La coupe du monde de rugby, symbole de l’opportunisme chez les jeunes
Le 8 septembre s’est ouverte la coupe de rugby qui se déroule dans 10 villes françaises. Pour accueillir l’événement, 18 000 emplois ont été créés au sein de la Métropole Européenne de Lille (MEL), dont certains pour les jeunes. Loïc Merlo, Nissa et Gabriel ont saisi cette occasion.
A l’heure où il est difficile de s’insérer professionnellement notamment dans le milieu du sport, l’organisation d’un tel événement apparaît comme une opportunité.

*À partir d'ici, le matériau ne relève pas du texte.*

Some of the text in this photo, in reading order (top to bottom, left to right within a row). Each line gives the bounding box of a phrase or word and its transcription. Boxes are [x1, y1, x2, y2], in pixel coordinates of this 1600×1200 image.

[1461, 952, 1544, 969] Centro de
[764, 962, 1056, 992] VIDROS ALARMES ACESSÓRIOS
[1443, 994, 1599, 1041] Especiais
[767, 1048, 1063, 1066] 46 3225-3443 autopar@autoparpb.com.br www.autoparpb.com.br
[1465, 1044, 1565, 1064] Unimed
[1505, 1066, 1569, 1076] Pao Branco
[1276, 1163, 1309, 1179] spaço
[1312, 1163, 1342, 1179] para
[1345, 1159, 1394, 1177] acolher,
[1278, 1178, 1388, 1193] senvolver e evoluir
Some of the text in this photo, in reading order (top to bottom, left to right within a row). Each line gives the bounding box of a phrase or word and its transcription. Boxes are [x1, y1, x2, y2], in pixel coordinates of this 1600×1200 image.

CAMPUS 2023 : un programme de 2023 jeunes en alternance dans toute la France fait partie de ce dispositif mis en place spécialement pour la coupe du monde. 56 alternants ont été sélectionnés dans la MEL pour cette formation inédite.

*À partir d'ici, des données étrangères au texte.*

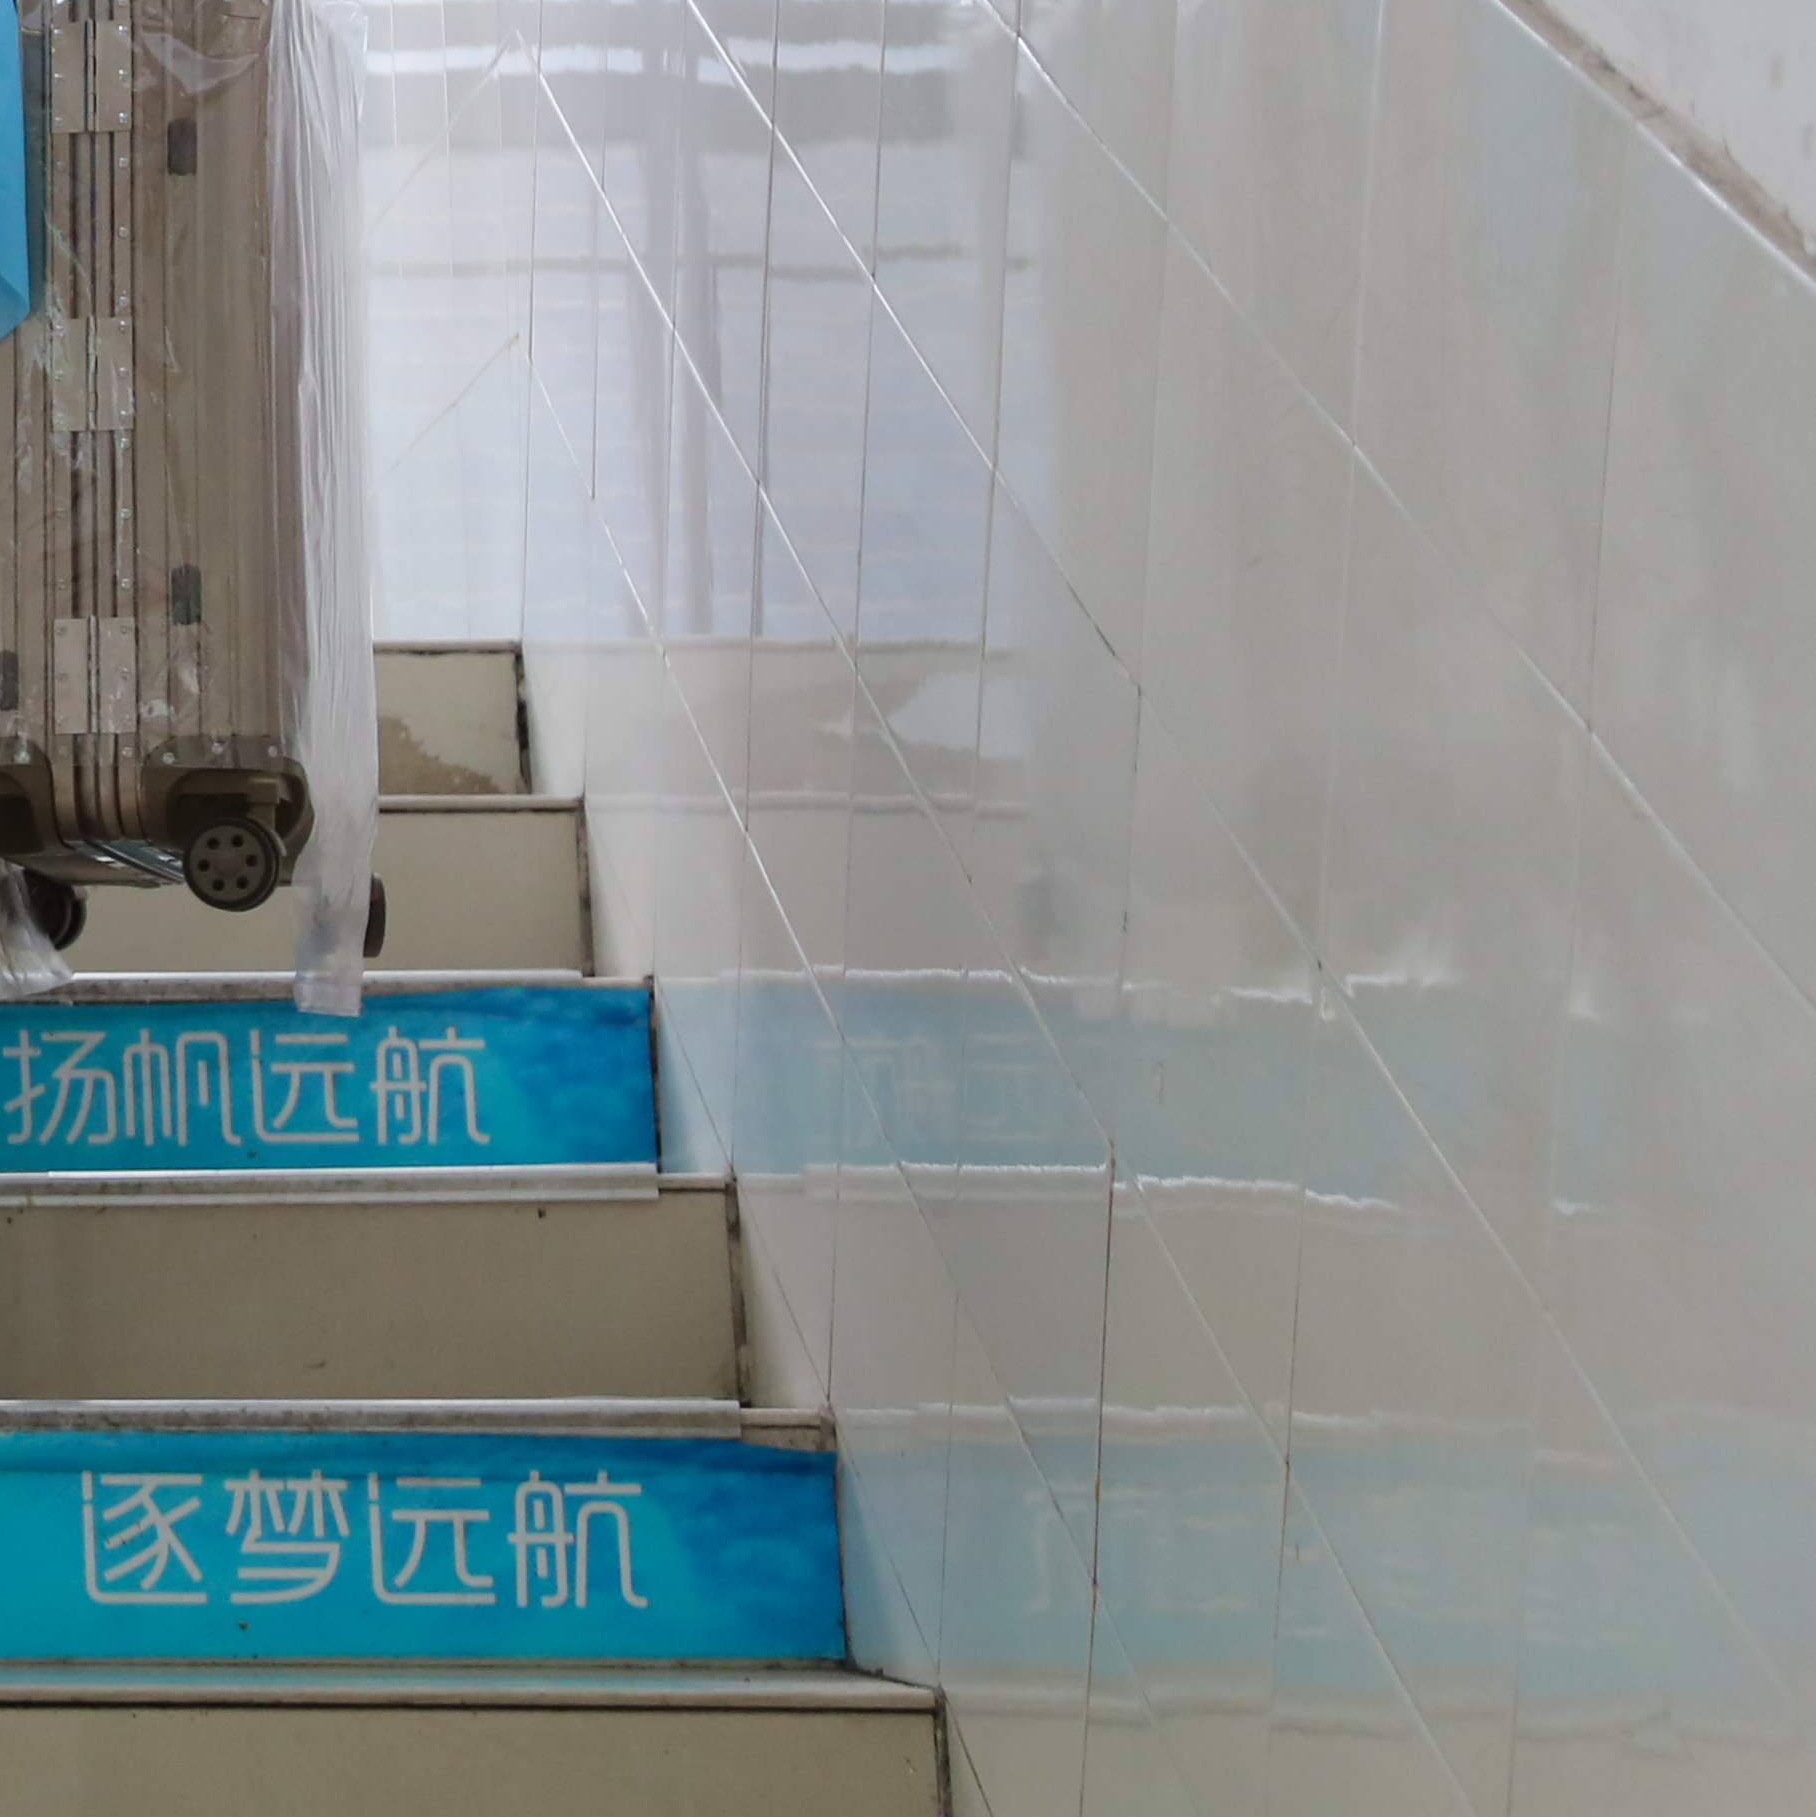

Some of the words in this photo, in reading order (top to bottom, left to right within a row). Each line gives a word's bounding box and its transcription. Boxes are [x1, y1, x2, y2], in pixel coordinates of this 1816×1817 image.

“Sans Campus 2023, je n’aurais jamais été pris en Master à l’université de Lille, et donc jamais je n’aurais eu l’opportunité d’avoir le poste que je vais occuper.” Loïc Merlo n’y aurait pas cru il y a 1 an, si on lui avait dit qu’il décrocherait un contrat d’au moins 3 ans au sein de son club : le Touquet Etaples Rugby Club. Diplômé d’une licence de packaging, l’étudiant de 24 ans, a toujours voulu travailler dans le sport mais n’en a jamais eu l’occasion. Jusqu’au jour où il a l’opportunité de postuler à CAMPUS 2023. Sélectionné après un oral de motivation, ce programme lui permet à la fois d’entrer directement en Master management des organisations sportives à STAPS Lille et de travailler en tant que référent partenariats au sein de son club qu’il côtoie depuis ses 8 ans.

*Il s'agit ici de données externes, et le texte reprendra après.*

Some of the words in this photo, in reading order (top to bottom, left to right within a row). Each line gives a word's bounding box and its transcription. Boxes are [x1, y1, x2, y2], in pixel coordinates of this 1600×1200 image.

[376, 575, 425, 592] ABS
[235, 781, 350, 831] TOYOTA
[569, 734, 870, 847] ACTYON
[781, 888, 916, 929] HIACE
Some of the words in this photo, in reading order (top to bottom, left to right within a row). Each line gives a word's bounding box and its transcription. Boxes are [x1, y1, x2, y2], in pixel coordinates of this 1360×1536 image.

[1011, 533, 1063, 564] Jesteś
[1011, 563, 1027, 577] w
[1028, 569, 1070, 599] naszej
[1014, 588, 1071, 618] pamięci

Diplôme en poche après ses 2 ans d’alternance, le programme prévoit 4 mois (juillet-octobre) en immersion totale pour participer à l’organisation de la Coupe du monde. Une aubaine pour accroître le réseau. Assistant opérationnel de l’équipe d’Angleterre dont le camp de base est au Touquet, Loïc Merlo raconte avoir rencontré le président de la ligue des Hauts-de-France de rugby lors de la « Welcome ceremony » des Anglais. « Une expérience qui se finit en beauté » pour le natif de Rang-du-Fliers(62)
L’alternance une opportunité en OR
Tous les jeunes, à l’image de Loic Merlo ne seront pas insérés professionnellement mais le Comité d’organisation de la Coupe du Monde de Rugby France 2023 s’est engagé à ce “qu’entre 600 et 800 contrats pérennes soient cofinancés vers les structures de la Fédération Française de Rugby.” L’alternance reste une opportunité professionnelle très avantageuse. De fait, d’après l’APEC en 2022, 89% des jeunes en alternance étaient en emploi 12 mois après avoir terminé leur apprentissage.
L’opportunisme mais à quel prix ?
Avec un taux de chômage de 17,3% (-25ans), la concurrence est grande pour espérer décrocher un précieux sésame. Les jeunes se doivent donc de prendre toutes les expériences quelles qu’elles soient, même très éloignées de leur futur métier. C’est le cas de Gabriel, 22 ans, et Nissa, 20 ans, employés pour deux mois en CDD sur le stand de merchandising à la gare Lille Flandres. Gabriel, lui, souhaite travailler dans l’import-export et accumule les CDD en vente, Nissa, elle, est étudiante en 2e année en droit à l’Université de Lille et collectionne les CDD jusqu’à janvier afin de repasser son semestre 2. Tous deux racontent qu’ils font ça pour « faire quelque chose ».
Une motivation qui sera, certes, bénéfique pour le CV, mais qui ne leur permet pas d’acquérir des compétences spécifiques à leur futur métier, un facteur essentiel d’insertion.
Eva Claudel
L’insertion professionnelle des jeunes, une solution qui masque un problème plus profond.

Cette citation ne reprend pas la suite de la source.